Plaintiffs request a permanent injunction enjoining defendants from
infringing their design patent. (Docket 11 at pp. 8-11). The court concludes
plaintiffs have met their burden under the eBay factors and grants the
The first factor requires plaintiffs to show they have suffered an irreparable
injury. eBay, 547 U.S. at 391. “The essential attribute of a patent grant is that
it provides a right to exclude competitors from infringing the patent. In view of
that right, infringement may cause a patentee irreparable harm not remediable
by a reasonable royalty.” Acumed LLC v. Stryker Corp., 551 F.3d 1323, 1328
(Fed. Cir. 2008). The court concludes plaintiffs have shown irreparable harm to
their right to exclusively control the use of their patented motorcycle windshield
design. Without an injunction to enforce plaintiffs’ exclusivity rights, their
patent would become worthless.
The second factor requires plaintiffs to show remedies at law are
inadequate to compensate for their injury. eBay, 547 U.S. at 391. “[T]he
simple fact that one could, if pressed, compute a money damages award does not
always preclude a finding of irreparable harm[.]” Celsis In Vitro, Inc. v.
CellzDirect, Inc., 664 F.3d 922, 930 (Fed. Cir. 2012). Here, the court cannot
determine with any specificity the amount of money which would compensate
plaintiffs for the infringement because defendants did not appear in this case.
See Docket 11 at p. 11 (plaintiffs explaining they do not know defendants’

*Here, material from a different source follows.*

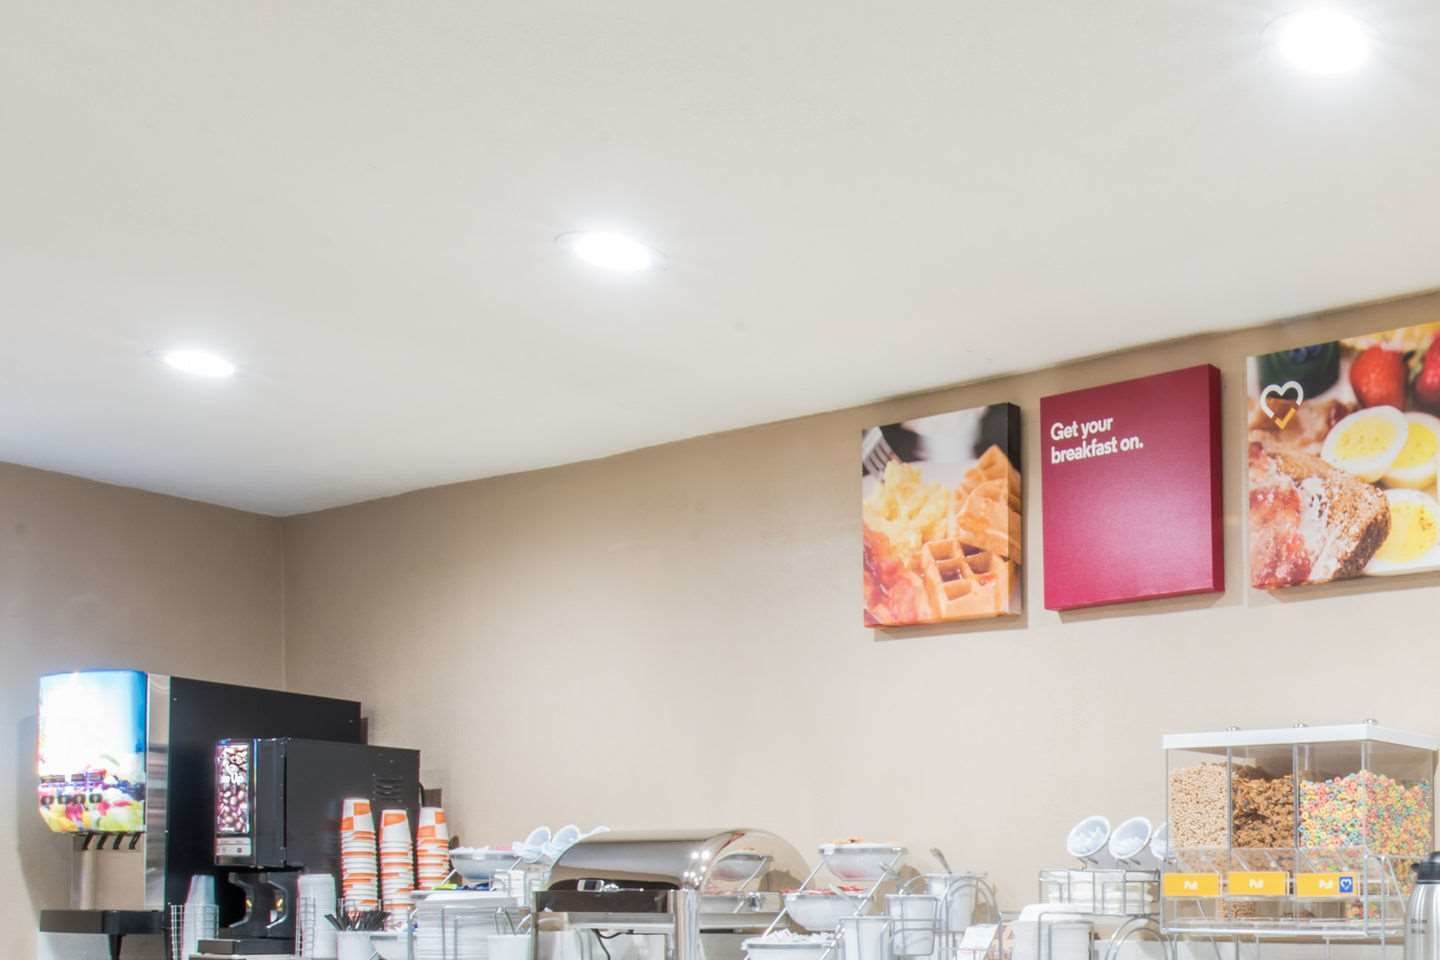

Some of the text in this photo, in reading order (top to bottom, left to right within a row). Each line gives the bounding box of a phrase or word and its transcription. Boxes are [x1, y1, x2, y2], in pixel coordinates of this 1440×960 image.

[1050, 417, 1114, 441] Get your
[1050, 436, 1144, 464] breakfast on.

“infringing sales or . . . profits” because defendants did not participate in
discovery). Resolving this dispute with monetary damages, even if the court
could calculate them, would not stop defendants from infringing the patent in
the future. The court’s inability to ascertain monetary damages, coupled with
the necessity of an injunction to prevent future infringement, show that a legal
remedy is inadequate in this case.
The third factor requires plaintiffs to show the balance of hardships tips in
their favor. eBay, 547 U.S. at 391. Defendants will not be harmed by an
injunction ordering them to cease infringing on plaintiffs’ design patent, while
plaintiffs suffer continual harm from the loss of their exclusive right over the
design occasioned by defendants’ infringement. The balance of hardships
weighs in plaintiffs’ favor.
Finally, the last factor requires plaintiffs to show that granting an
injunction would not disserve the public interest. eBay, 547 U.S. at 391. “As a
general matter, the public maintains an interest in protecting the rights of patent
holders[.]” Smith & Nephew, Inc. v. Synthes (U.S.A.), 466 F. Supp. 2d 978, 985
(W.D. Tenn. 2006). The court finds this factor weighs in favor of an injunction.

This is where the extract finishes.